WHAT NEEDS TO BE DONE →
Keep the wording of every entry exactly as it is while leaving the pictures out of your copy.
=== DATA LISTING ===
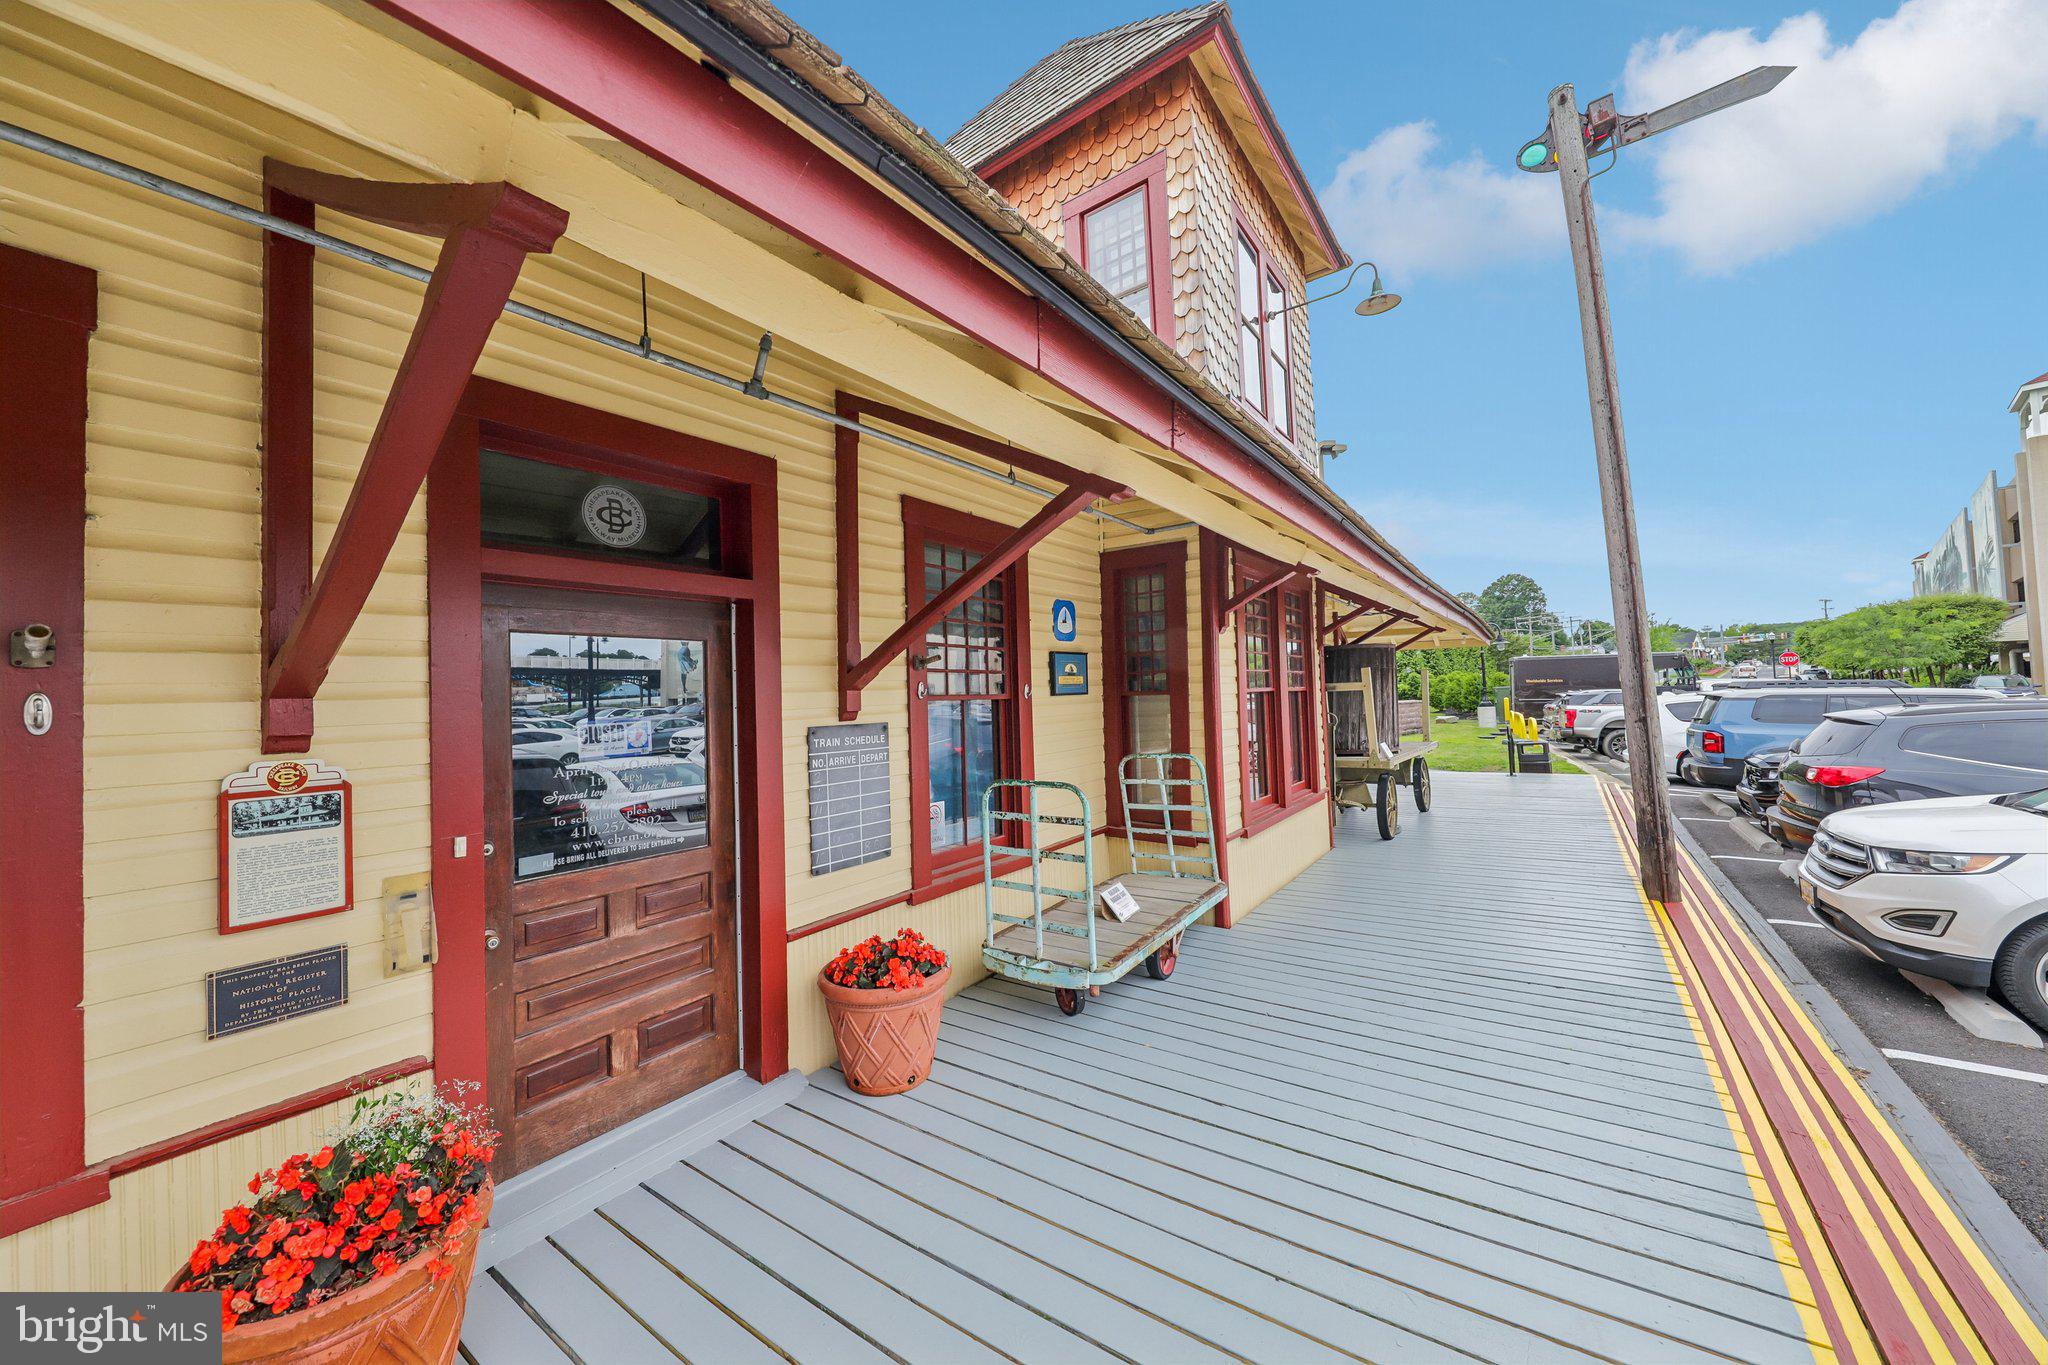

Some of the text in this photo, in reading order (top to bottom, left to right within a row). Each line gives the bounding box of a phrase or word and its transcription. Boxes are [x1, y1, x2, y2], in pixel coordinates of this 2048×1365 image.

[588, 489, 642, 521] CHESAPEAKE BEACH
[588, 516, 642, 542] RAILWAY MUSEUM
[580, 723, 625, 746] CLOSED
[813, 734, 886, 748] TRAIN SCHEDULE
[553, 766, 589, 780] April
[630, 760, 675, 770] October
[812, 752, 888, 769] NO. ARRIVE DEPART
[621, 773, 642, 782] 4PM
[543, 788, 588, 805] Special
[637, 782, 659, 792] other
[661, 779, 683, 789] hours
[551, 816, 566, 828] To
[627, 804, 657, 818] please
[660, 799, 677, 811] call
[570, 815, 662, 839] 410.257.3892
[542, 838, 677, 868] PLEASE BRING ALL DELIVERIES TO SIDE ENTRANCE
[240, 969, 274, 981] PROPERTY
[276, 965, 291, 973] HAS
[292, 961, 310, 969] BEEN
[312, 955, 337, 964] PLACED
[232, 970, 328, 997] NATIONAL REGISTER
[276, 985, 288, 993] OF
[239, 985, 322, 1010] HISTORIC PLACES
[270, 1001, 296, 1011] UNITED
[298, 995, 322, 1004] STATES
[224, 1011, 273, 1028] DEPARTMENT
[304, 995, 336, 1007] INTERIOR
===
OUTPUT OF THE TASK →
Some of the text in this photo, in reading order (top to bottom, left to right within a row). Each line gives the bounding box of a phrase or word and its transcription. Boxes are [x1, y1, x2, y2], in pixel coordinates of this 2048×1365 image.

[588, 489, 642, 521] CHESAPEAKE BEACH
[588, 516, 642, 542] RAILWAY MUSEUM
[580, 723, 625, 746] CLOSED
[813, 734, 886, 748] TRAIN SCHEDULE
[553, 766, 589, 780] April
[630, 760, 675, 770] October
[812, 752, 888, 769] NO. ARRIVE DEPART
[621, 773, 642, 782] 4PM
[543, 788, 588, 805] Special
[637, 782, 659, 792] other
[661, 779, 683, 789] hours
[551, 816, 566, 828] To
[627, 804, 657, 818] please
[660, 799, 677, 811] call
[570, 815, 662, 839] 410.257.3892
[542, 838, 677, 868] PLEASE BRING ALL DELIVERIES TO SIDE ENTRANCE
[240, 969, 274, 981] PROPERTY
[276, 965, 291, 973] HAS
[292, 961, 310, 969] BEEN
[312, 955, 337, 964] PLACED
[232, 970, 328, 997] NATIONAL REGISTER
[276, 985, 288, 993] OF
[239, 985, 322, 1010] HISTORIC PLACES
[270, 1001, 296, 1011] UNITED
[298, 995, 322, 1004] STATES
[224, 1011, 273, 1028] DEPARTMENT
[304, 995, 336, 1007] INTERIOR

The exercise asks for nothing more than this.